Top of SOURCE DATA

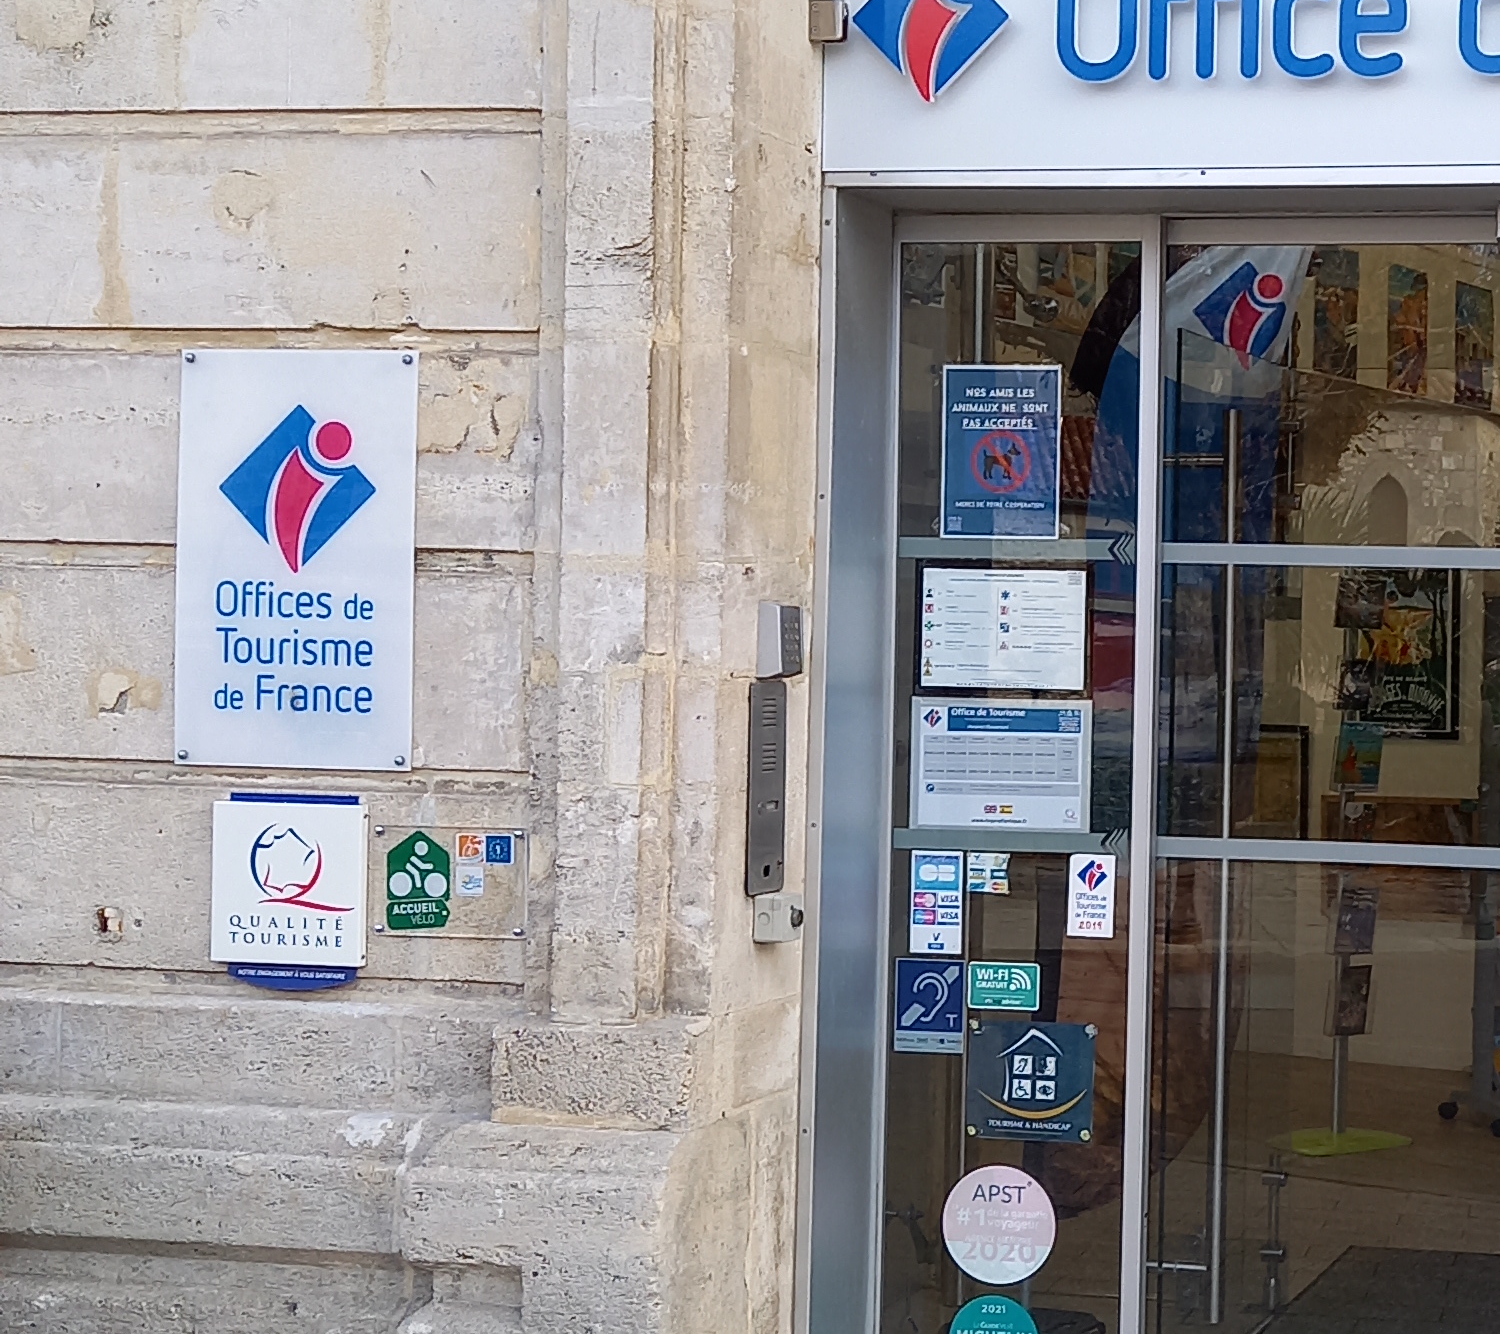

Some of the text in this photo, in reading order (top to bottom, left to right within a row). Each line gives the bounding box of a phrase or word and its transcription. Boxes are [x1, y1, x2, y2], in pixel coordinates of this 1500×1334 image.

[966, 388, 1035, 397] NOS AMIS LES
[952, 403, 1048, 413] ANIMAUX NE SONT
[963, 416, 1033, 428] PAS ACCEPTÉS
[216, 580, 374, 620] Offices de
[216, 627, 373, 666] Tourisme
[214, 674, 373, 713] de France
[951, 708, 975, 716] Office
[989, 709, 1026, 717] Tourisme
[940, 895, 959, 903] VISA
[1076, 893, 1099, 901] Offices
[392, 902, 440, 915] ACCUEIL
[1076, 901, 1107, 910] Tourisme
[939, 912, 959, 920] VISA
[1083, 911, 1106, 919] France
[229, 914, 343, 930] QUALITÉ
[229, 931, 343, 947] TOURISME
[976, 968, 1009, 980] WI-FI
[976, 980, 1008, 988] GRATUIT
[945, 1014, 958, 1027] T
[988, 1119, 1023, 1127] TOURISME
[972, 1184, 1026, 1204] APST
[957, 1207, 985, 1226] #1
[987, 1219, 1039, 1231] voyageur
[962, 1240, 1036, 1264] 2020
[981, 1304, 1006, 1313] 2021

Bottom of SOURCE DATA

Here the job is to print all the entries above exactly, minus the images.

Some of the text in this photo, in reading order (top to bottom, left to right within a row). Each line gives the bounding box of a phrase or word and its transcription. Boxes are [x1, y1, x2, y2], in pixel coordinates of this 1500×1334 image.

[966, 388, 1035, 397] NOS AMIS LES
[952, 403, 1048, 413] ANIMAUX NE SONT
[963, 416, 1033, 428] PAS ACCEPTÉS
[216, 580, 374, 620] Offices de
[216, 627, 373, 666] Tourisme
[214, 674, 373, 713] de France
[951, 708, 975, 716] Office
[989, 709, 1026, 717] Tourisme
[940, 895, 959, 903] VISA
[1076, 893, 1099, 901] Offices
[392, 902, 440, 915] ACCUEIL
[1076, 901, 1107, 910] Tourisme
[939, 912, 959, 920] VISA
[1083, 911, 1106, 919] France
[229, 914, 343, 930] QUALITÉ
[229, 931, 343, 947] TOURISME
[976, 968, 1009, 980] WI-FI
[976, 980, 1008, 988] GRATUIT
[945, 1014, 958, 1027] T
[988, 1119, 1023, 1127] TOURISME
[972, 1184, 1026, 1204] APST
[957, 1207, 985, 1226] #1
[987, 1219, 1039, 1231] voyageur
[962, 1240, 1036, 1264] 2020
[981, 1304, 1006, 1313] 2021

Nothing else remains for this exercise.